The rain came down. It fell in a slowly moving wall upon Hyde Park and, borne by a light westerly wind, drifted in grey curtains of falling water across Park Lane and through the narrow park of plane trees that divides the northbound and southbound lanes. A wet and gloomy man stood under the leafless trees and watched.

The entrance to the Grosvenor House Hotel ballroom was brightly lit by several arc lights and the endless glare of camera flashes. Inside was warm, snug and dry. Under the awning before the door was an area of only damp pavement and here the uniformed commissionaires stood, gleaming umbrellas at the ready, as the limousines swept up, one by one.

As each rain-lashed car drew up by the awning one of the men would run forward to shield the descending star or film celebrity for the two-yard dash, head down, from car to awning. There they could straighten up, plaster on the practised smile and face the cameras.

The paparazzi were either side of the awning, skin-wet, shielding their precious equipment as best they could. Their cries came across the road to the man under the trees.

‘Over here, Michael. This way, Roger. Nice smile, Shakira. Lovely.’

The great and the good of the film world nodded benignly at the adulation, smiled for the lenses and thus for the distant fans, ignored the few anorak-clad autograph hunters, strange persistent voles with pleading eyes, and were wafted inside. There they would be led to their tables, pausing to beam and greet, ready for the annual awards ceremony of the British Academy of Film and Television Arts.

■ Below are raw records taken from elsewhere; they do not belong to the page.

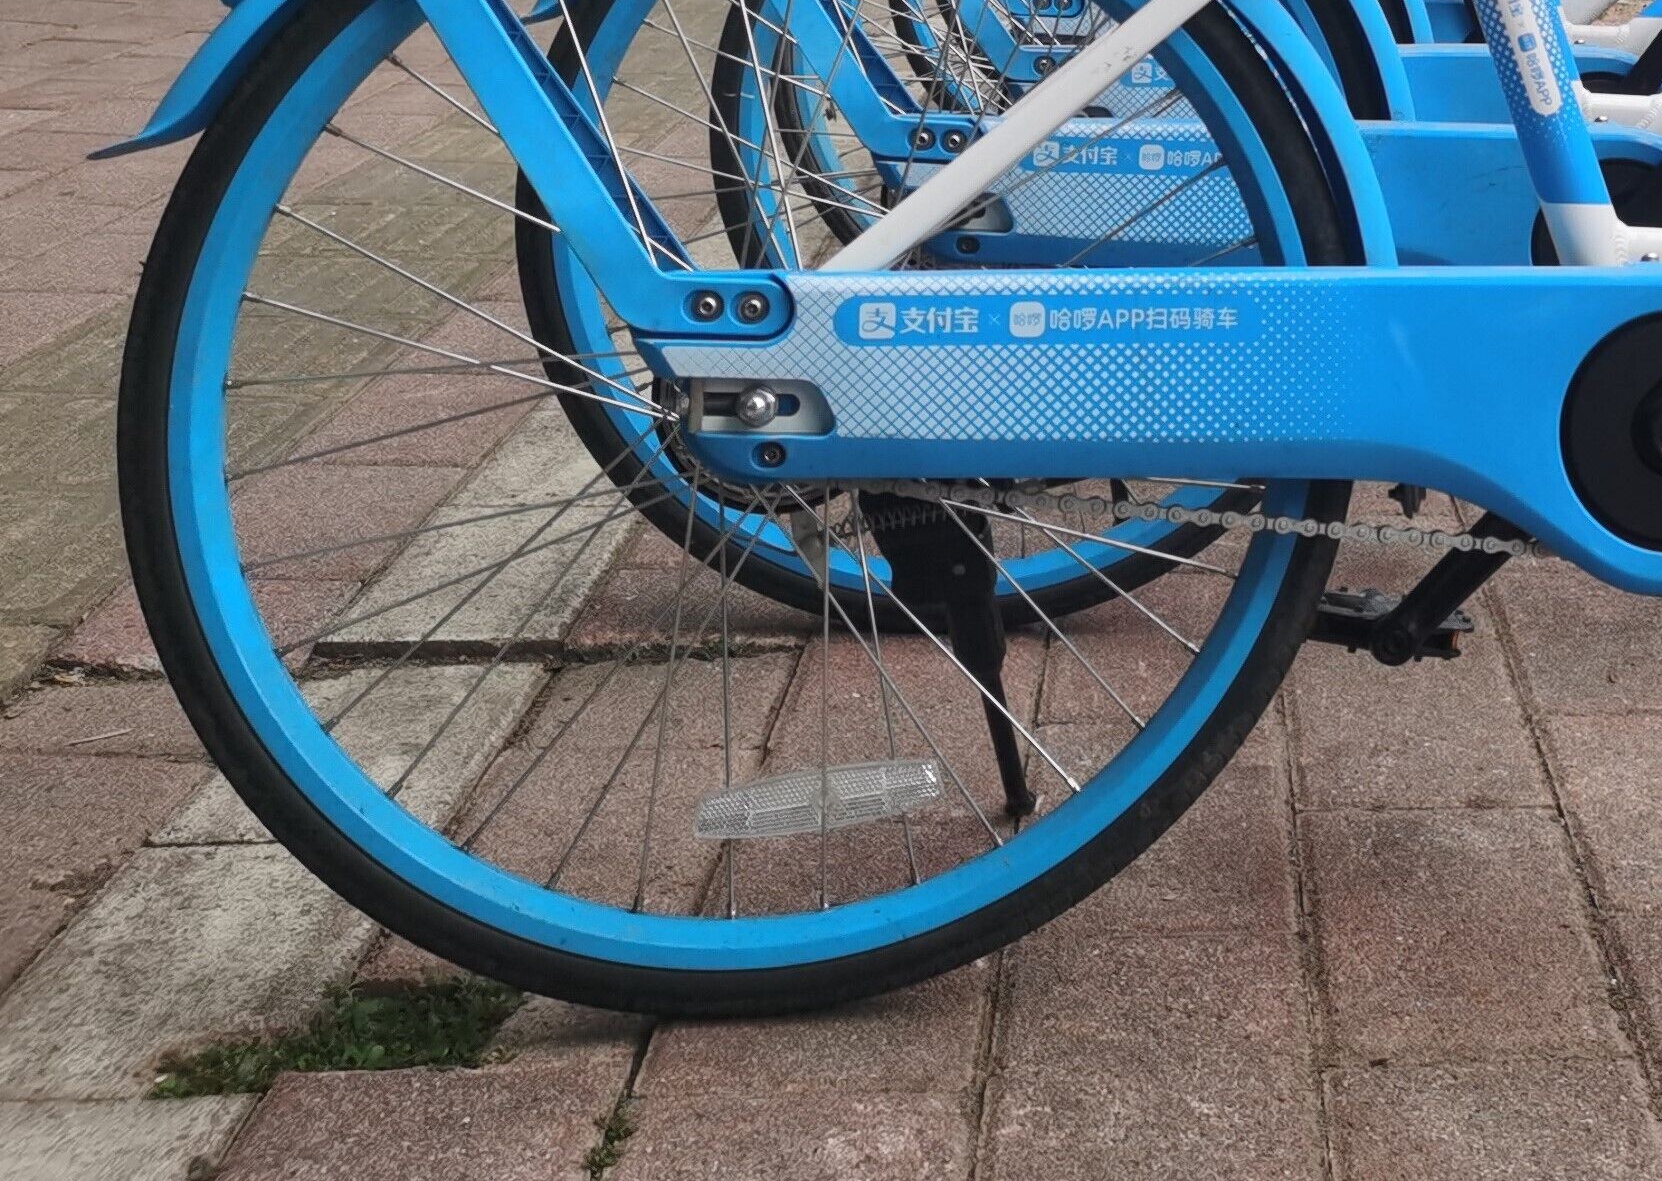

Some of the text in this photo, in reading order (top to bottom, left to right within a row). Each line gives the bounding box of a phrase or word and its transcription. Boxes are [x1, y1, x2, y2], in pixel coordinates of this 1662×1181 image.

[1062, 145, 1119, 166] 支付宝
[900, 306, 980, 334] 支付宝
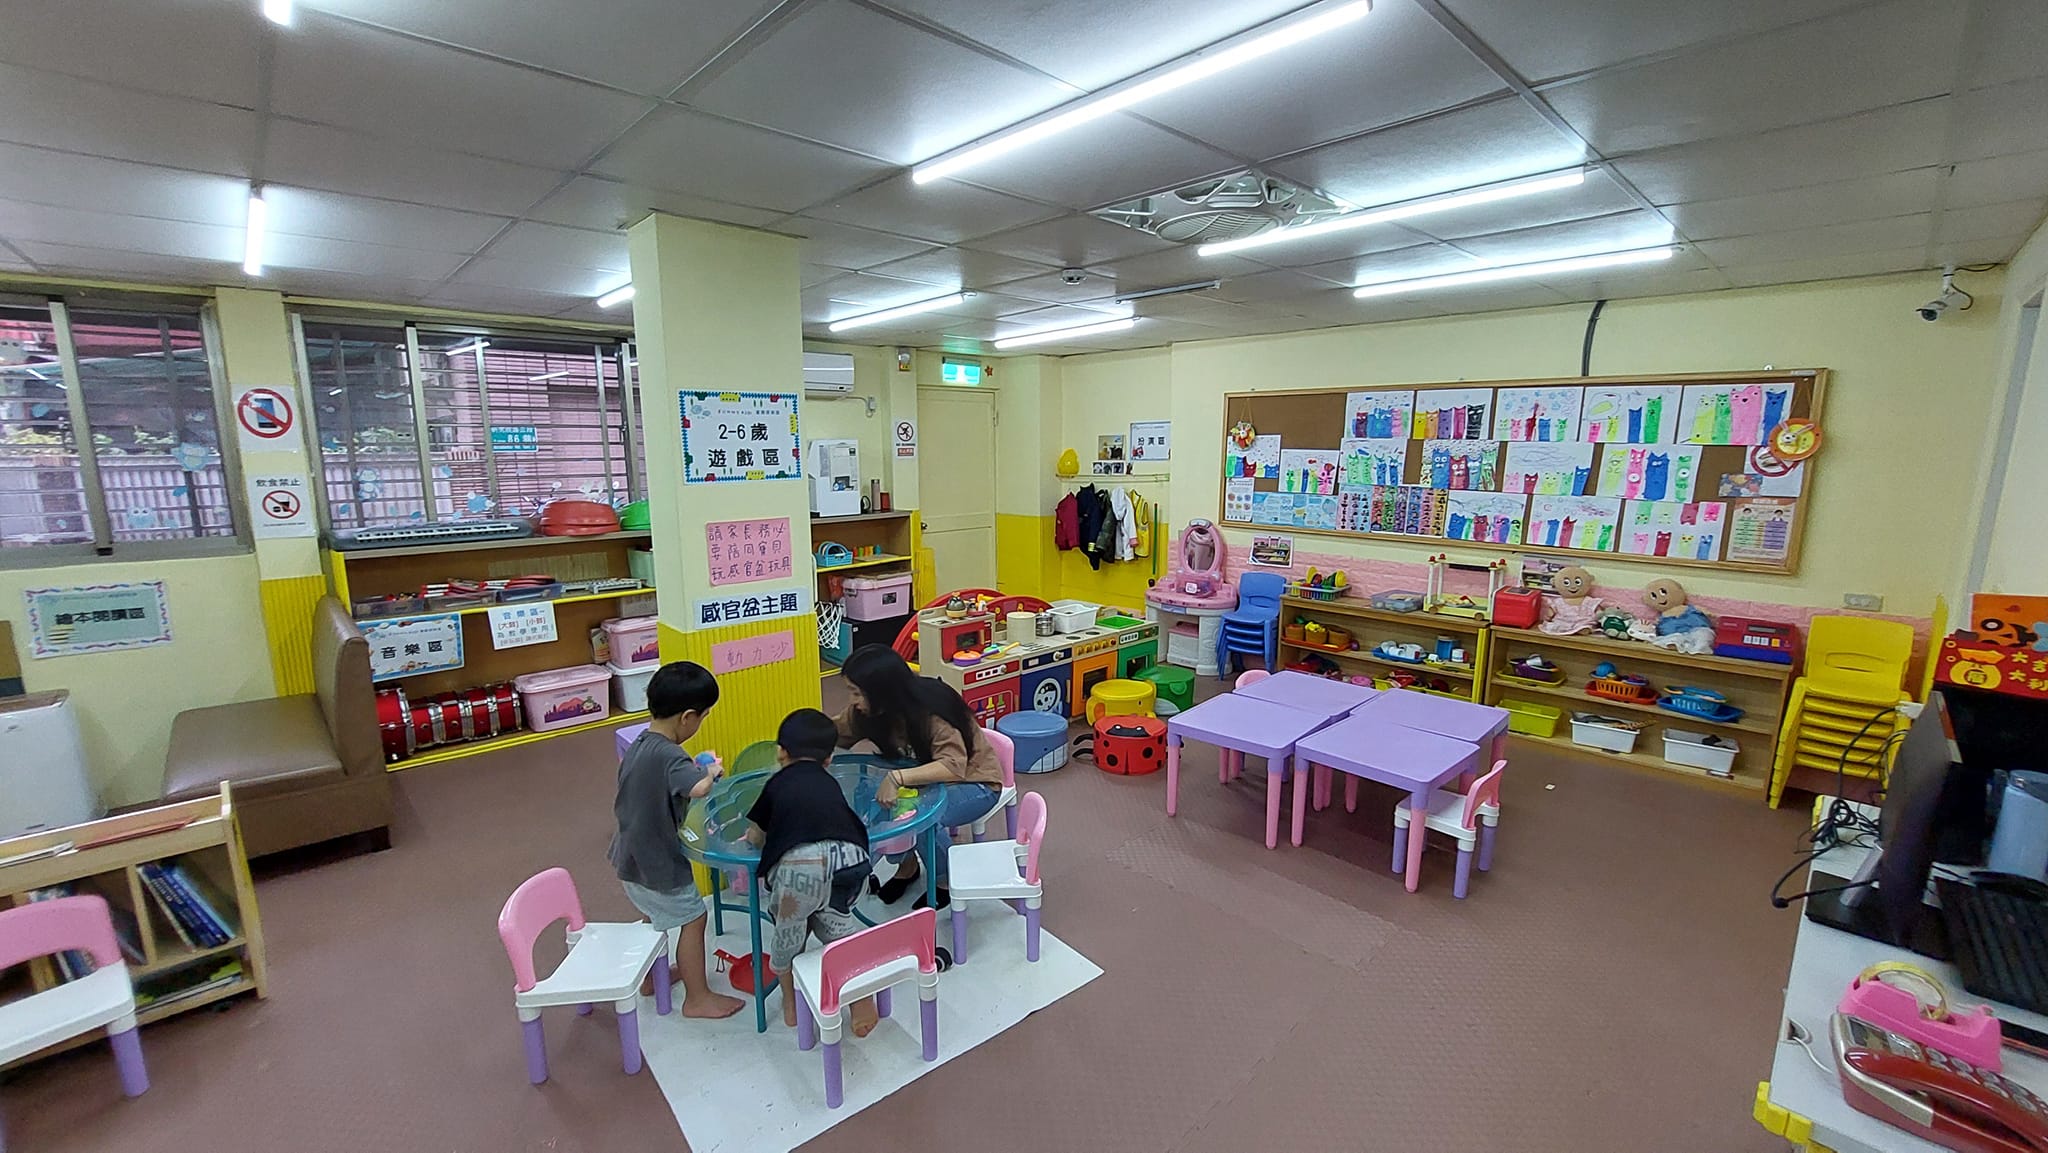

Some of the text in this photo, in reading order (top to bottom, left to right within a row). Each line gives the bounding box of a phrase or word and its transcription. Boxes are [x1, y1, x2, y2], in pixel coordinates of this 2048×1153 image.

[708, 448, 780, 468] 遊戲區
[256, 479, 301, 487] 飲食禁止
[709, 523, 786, 541] 請家長務必
[712, 556, 791, 581] 玩感官盆玩具
[55, 607, 146, 625] 繪本閱讀區
[701, 593, 798, 623] 感官盆主題
[381, 640, 444, 659] 音樂區
[727, 641, 789, 667] 動力沙

The small man under the trees watched with unrequited longing in his eyes. Once he had dreamed that he too might be there, a star of the film world in his own right, or at the very least a recognized journeyman at his trade. But he knew it was not to be, not now, too late.

For more than thirty-five years he had been an actor, almost entirely in films. He had played in over a hundred, starting as an extra, with no spoken words, moving to tiny bit parts but never being cast in a real role.

He had been a hotel porter while Peter Sellers walked past and on screen for seven seconds; he had been the driver of the army lorry that gave Peter O’Toole a lift into Cairo; he had held a Roman spear, rigid at attention, a few feet from Michael Palin; he had been the aircraft mechanic who helped Christopher Plummer into a Spitfire.

He had been waiters, porters, soldiers in every known army from the Bible to the Battle of the Bulge. He had played cab-drivers, policemen, fellow-diners, the man crossing the street, the wolf-whistling barrow boy and anything else one could think of.

But always it was the same: several days on the set, ten seconds on screen and goodbye chum. He had been within feet of every known star in the celluloid firmament, seen the gents and the bastards, the kindly and the prima donnas. He knew he could play any part with utter conviction and convincingly; he knew he was a human chameleon, but no-one had ever recognized the talent he was sure he had.

So he watched in the rain as his idols swept past to their evening’s glory and later to their sumptuous apartments and suites. When the last had gone in and the lights had faded he trudged back through the rain to the bus stop at Marble Arch and stood, dripping water in the aisle, until he was deposited half a mile from his cheap bedsitter in the hinterland between White City and Shepherd’s Bush.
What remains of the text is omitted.